UniDev, a housing developer from Maryland, made a presentation Thursday morning at Portales City Hall that included specifics about a possible workforce housing residential community.
According to Portales Mayor Orlando Ortega Jr., there is a great need for affordable housing for middle-income Portales residents.
“The largest number of homes being built in our community are in the $200,000 price range and above,” Ortega said. “And unfortunately that leaves most of our largest number of workforce out of that affordability.”
The workforce housing project is aimed at Portales city employees as well as employees of Roosevelt County, Roosevelt General Hospital, Portales Municipal Schools, Eastern New Mexico University and other middle-income earners.
“In the Portales application, the mayor listed all of those employee groups and I believe the number was close to 2,500 employees who would be eligible for workforce housing and he was curious to know what the demand would be from those 2,500 who were working in those job categories,” UniDev assistant project manager Jeffrey Koskinen said.

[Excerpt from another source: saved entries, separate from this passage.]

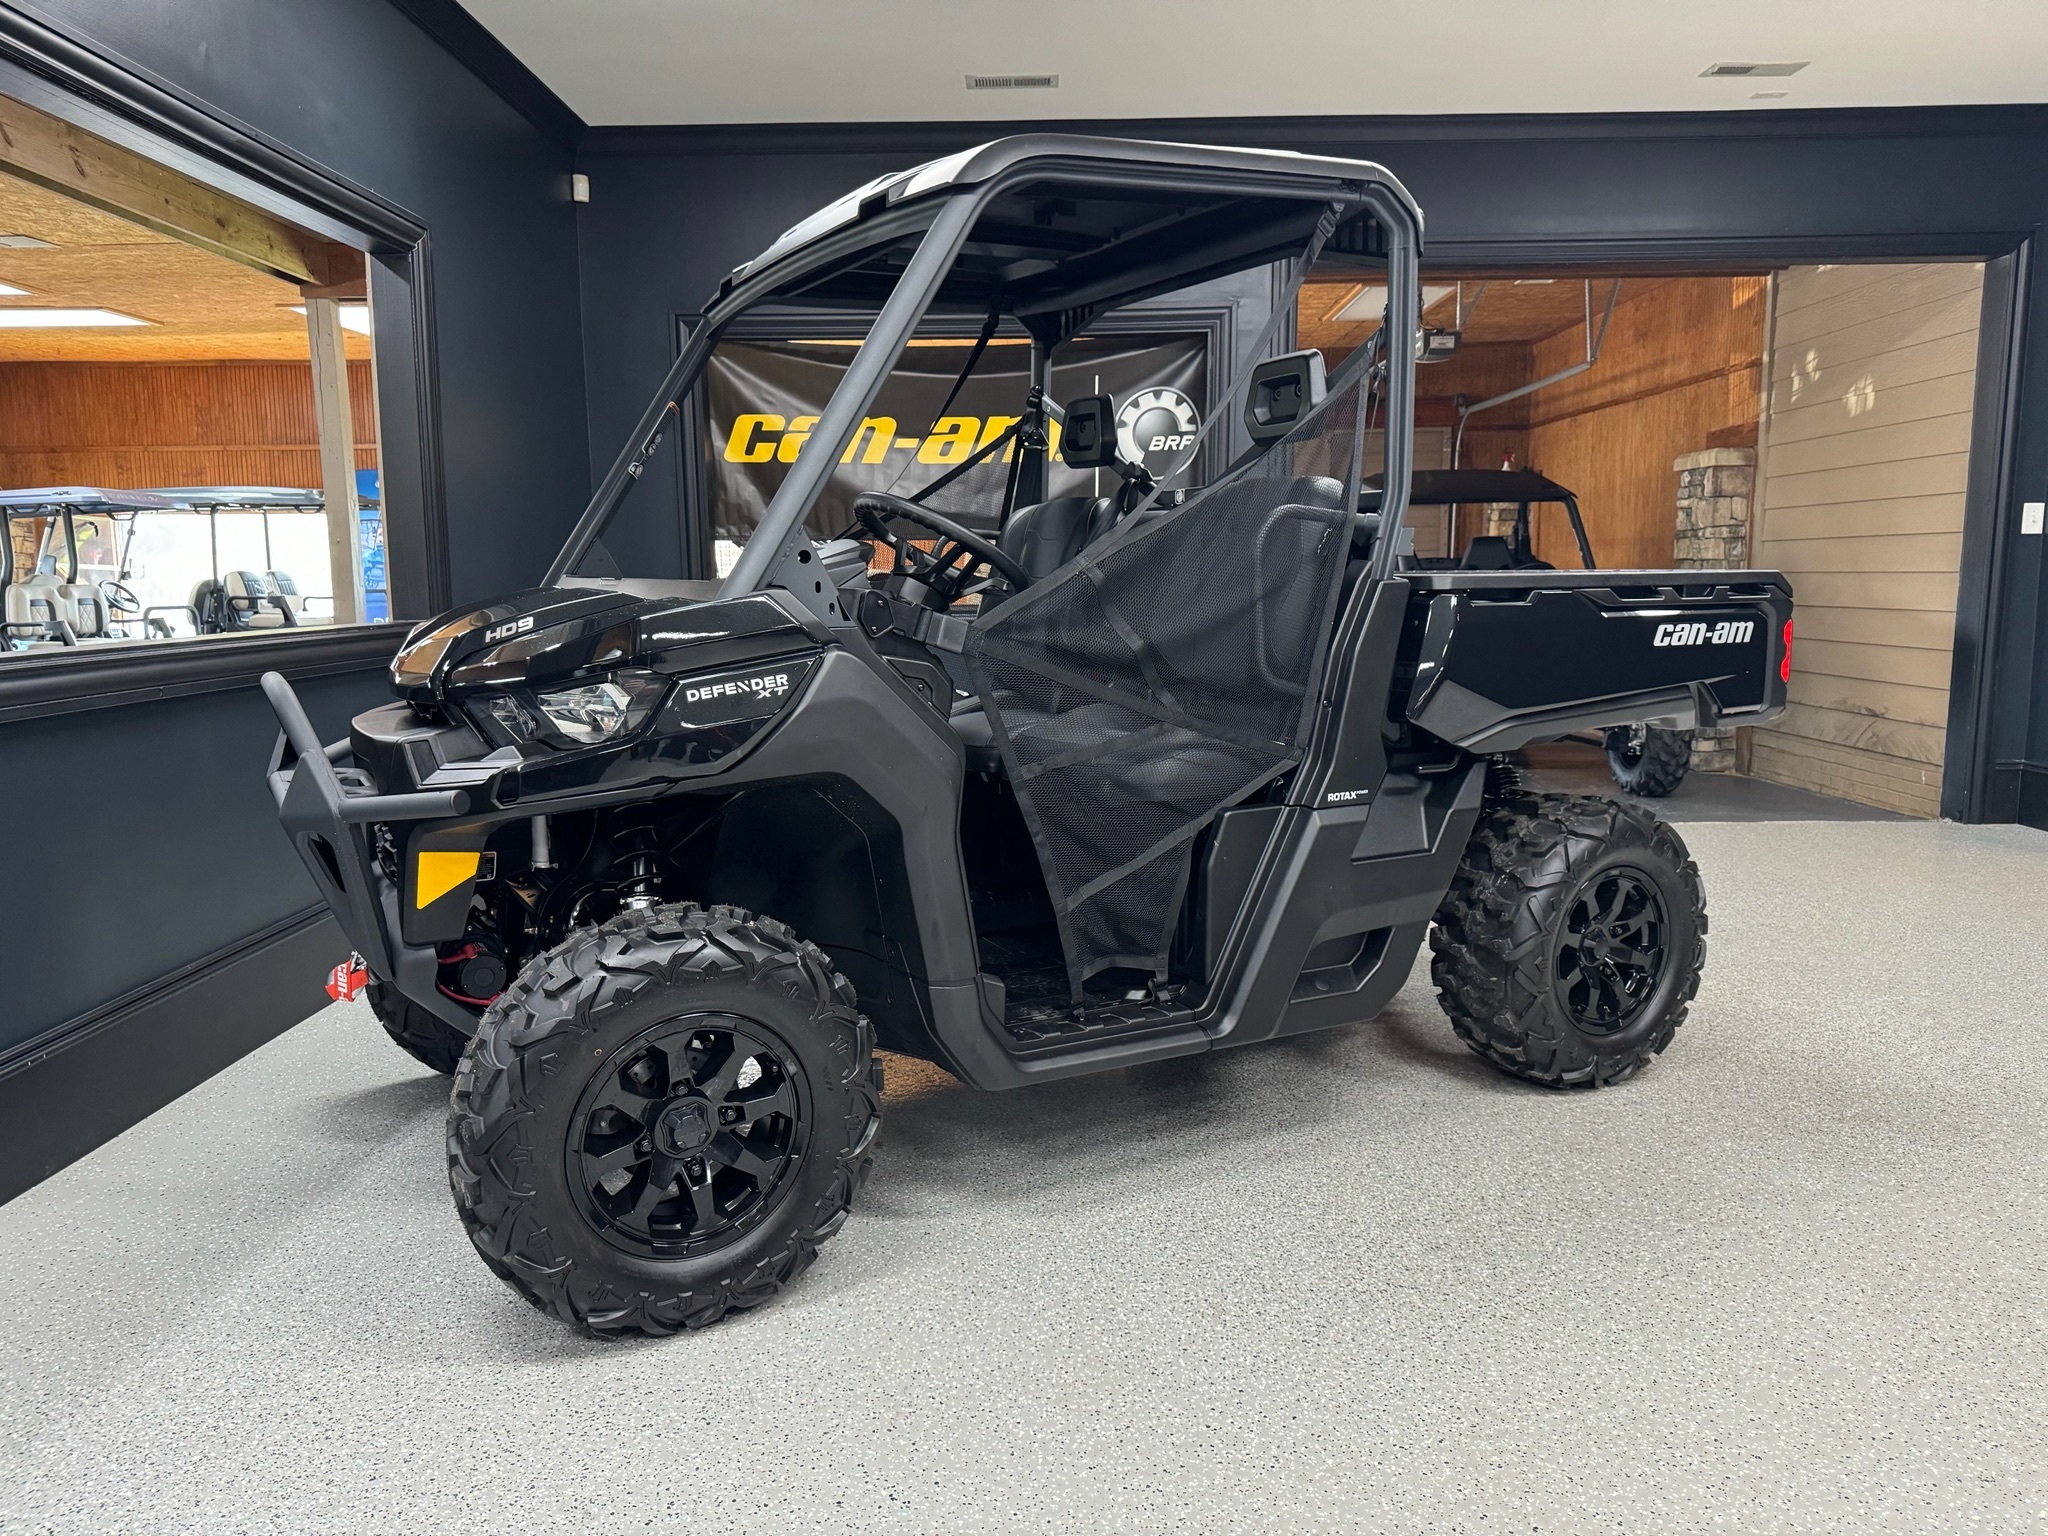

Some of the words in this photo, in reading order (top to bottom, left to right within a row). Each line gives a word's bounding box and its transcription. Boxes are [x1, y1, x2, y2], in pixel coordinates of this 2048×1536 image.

[1148, 435, 1197, 451] BRP
[485, 616, 534, 643] HD9
[1653, 621, 1754, 647] can-am
[686, 673, 789, 702] DEFENDER
[755, 685, 789, 700] XT
[1327, 791, 1357, 802] ROTAX

“If you look in our community, a big number of our workforce is earning a salary of about $23,000 to about $50,000 and that pretty much leaves them out of being able to afford a $200,000 home,” Ortega said.

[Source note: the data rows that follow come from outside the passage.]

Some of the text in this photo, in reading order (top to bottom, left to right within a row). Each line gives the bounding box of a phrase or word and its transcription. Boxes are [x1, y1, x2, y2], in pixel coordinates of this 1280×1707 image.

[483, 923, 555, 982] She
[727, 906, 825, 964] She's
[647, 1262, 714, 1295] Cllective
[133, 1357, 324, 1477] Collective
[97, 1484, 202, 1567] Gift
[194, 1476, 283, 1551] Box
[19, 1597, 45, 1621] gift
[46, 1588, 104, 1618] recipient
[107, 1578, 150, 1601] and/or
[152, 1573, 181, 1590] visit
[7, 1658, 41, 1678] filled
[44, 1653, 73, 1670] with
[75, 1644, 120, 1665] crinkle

Ortega went on to say that housing options for the middle -income earner are limited in Portales. Ortega said residents looking for a home in the $80,000 to $150,000 price range will find very few homes.
Organizers have a number of different floor plans and estimate that homes on the projected site will cost between $110,000 and $190,000.
The proposed site for the project is a large area of land just west of Portales, along the Floyd Highway.
“It’s a nice quiet area, it’s a wonderful location we feel and our goal is to masterplan that whole 150 acres to make it a really beautiful part of our community,” Ortega said.
Ortega also noted the city may modify or extend area roads including a connection to Industrial Drive and an extension of University Drive to make the community more accessible to the center of town.
According to UniDev officials, the first steps the Portales city council must complete in the next several months include: voting on recommendation of the project feasibility study and steps to proceed with a mandatory 99-year ground lease to a Portales Workforce Housing Board, to be named at a future date, which will serve a management capacity.
The Portales City Council will hear a modified presentation of the proposal at its regular meeting Tuesday at 7 p.m.
Once the financing and lease are taken care of, UniDev executives project a tentative completion date of September 2008.